No answer, and now Blaze started to feel really miserable.
“George? George, what’s wrong?”
No answer for a long time. Then, so softly he might not have heard it, so softly it might have only been a thought in his own head:
“You’ll have to leave him with me, Blaze. Sooner or later.” Blaze wiped his mouth with the palm of his hand. “You better not do anything to ’im, George. You just better not. I’m warning you.”
No answer.
By nine o’clock, Joe was up, changed, fed, and playing on the kitchen floor. Blaze was sitting at the table and listening to the radio. He had cleared off the scraps of paper and thrown out the hardened flour paste, and the only thing on the table was his letter to the Gerards. He was trying to figure out how to mail it.
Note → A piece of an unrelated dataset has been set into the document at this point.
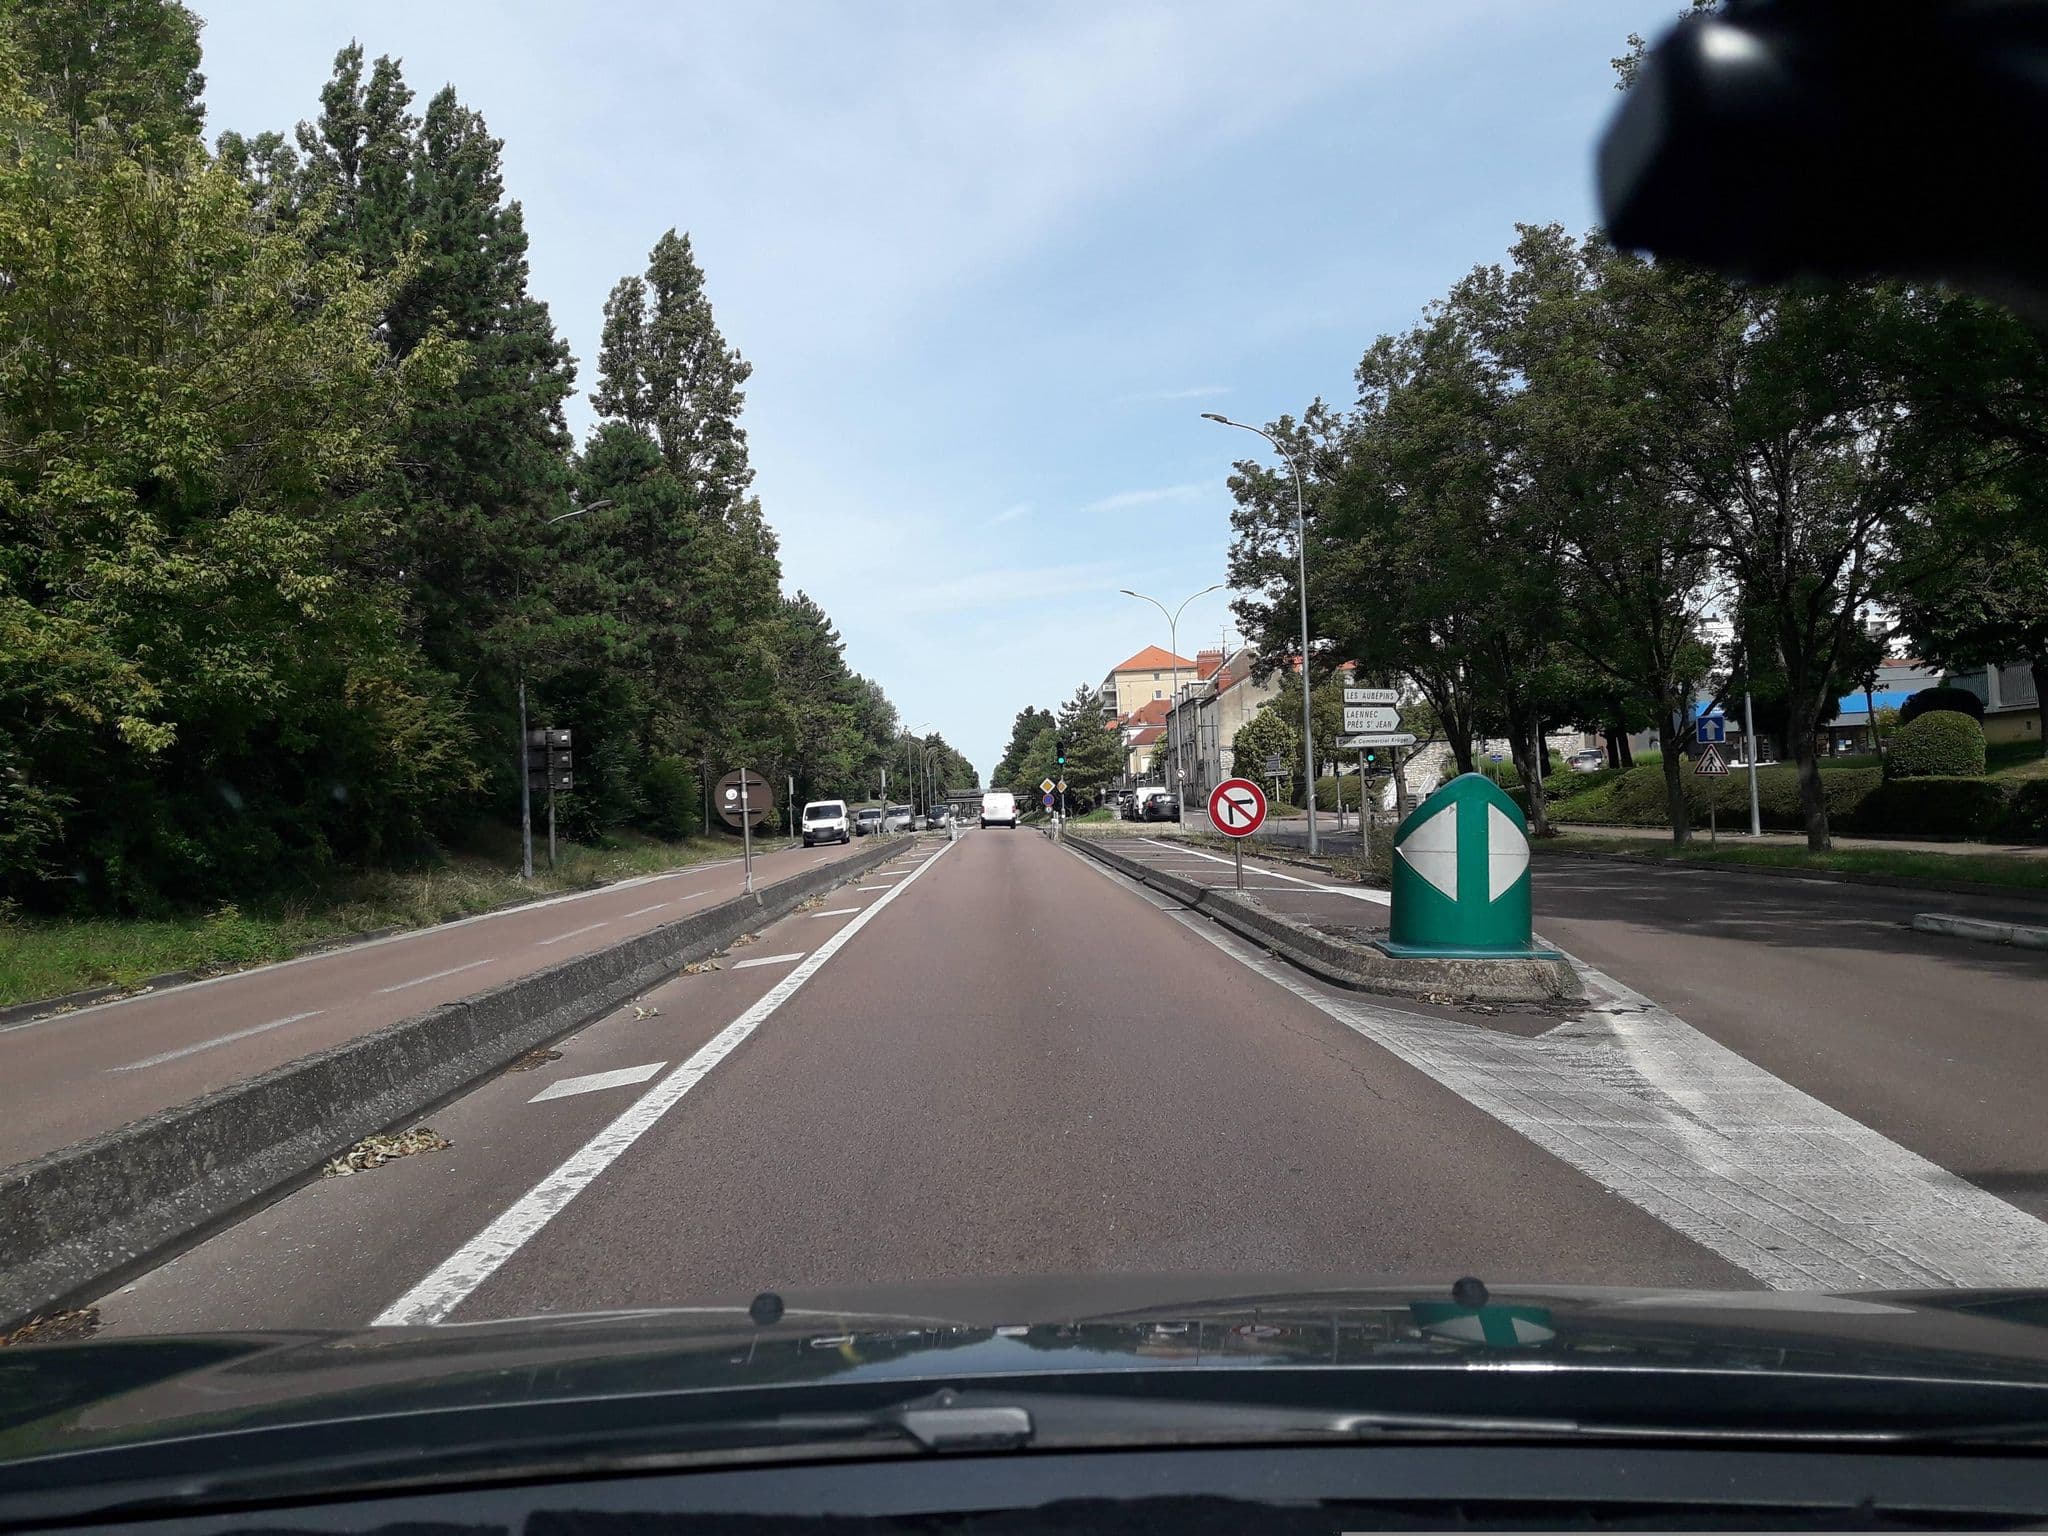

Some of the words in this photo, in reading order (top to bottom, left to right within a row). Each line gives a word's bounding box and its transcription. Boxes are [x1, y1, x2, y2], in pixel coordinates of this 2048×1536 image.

[1362, 691, 1394, 699] AUBÉPINS
[1346, 710, 1379, 718] LAENNEC
[1375, 720, 1392, 728] JEAN
He had heard the news three times. The police had picked up a man named Charles Victor Pritchett, a big drifter from Aroostook County who had been laid off some sawmill job a month earlier. Then he had been released. Probably that scrawny little door-opener Walsh couldn’t make him for it, Blaze reasoned. Too bad. A good suspect would have taken the heat off for awhile.
He shifted restlessly in his chair. He had to get this kidnapping off the ground. He had to make a plan about mailing the letter. They had a drawing of him, and they knew about the car. They even knew about the color — that bastard Walsh again.
His mind moved slowly and heavily. He got up, made more coffee, then got out the newspaper again. He frowned at the police sketch of himself. Big, square-jawed face. Broad, flat nose. Thick shock of hair, hadn’t been cut in quite awhile (George had done it last time, snipping away indifferently with a pair of kitchen shears). Deepset eyes. Only a suggestion of his big ole neck, and they probably wouldn’t have any idea of how big he really was. People never did when he was sitting down, because his legs were the longest part of him.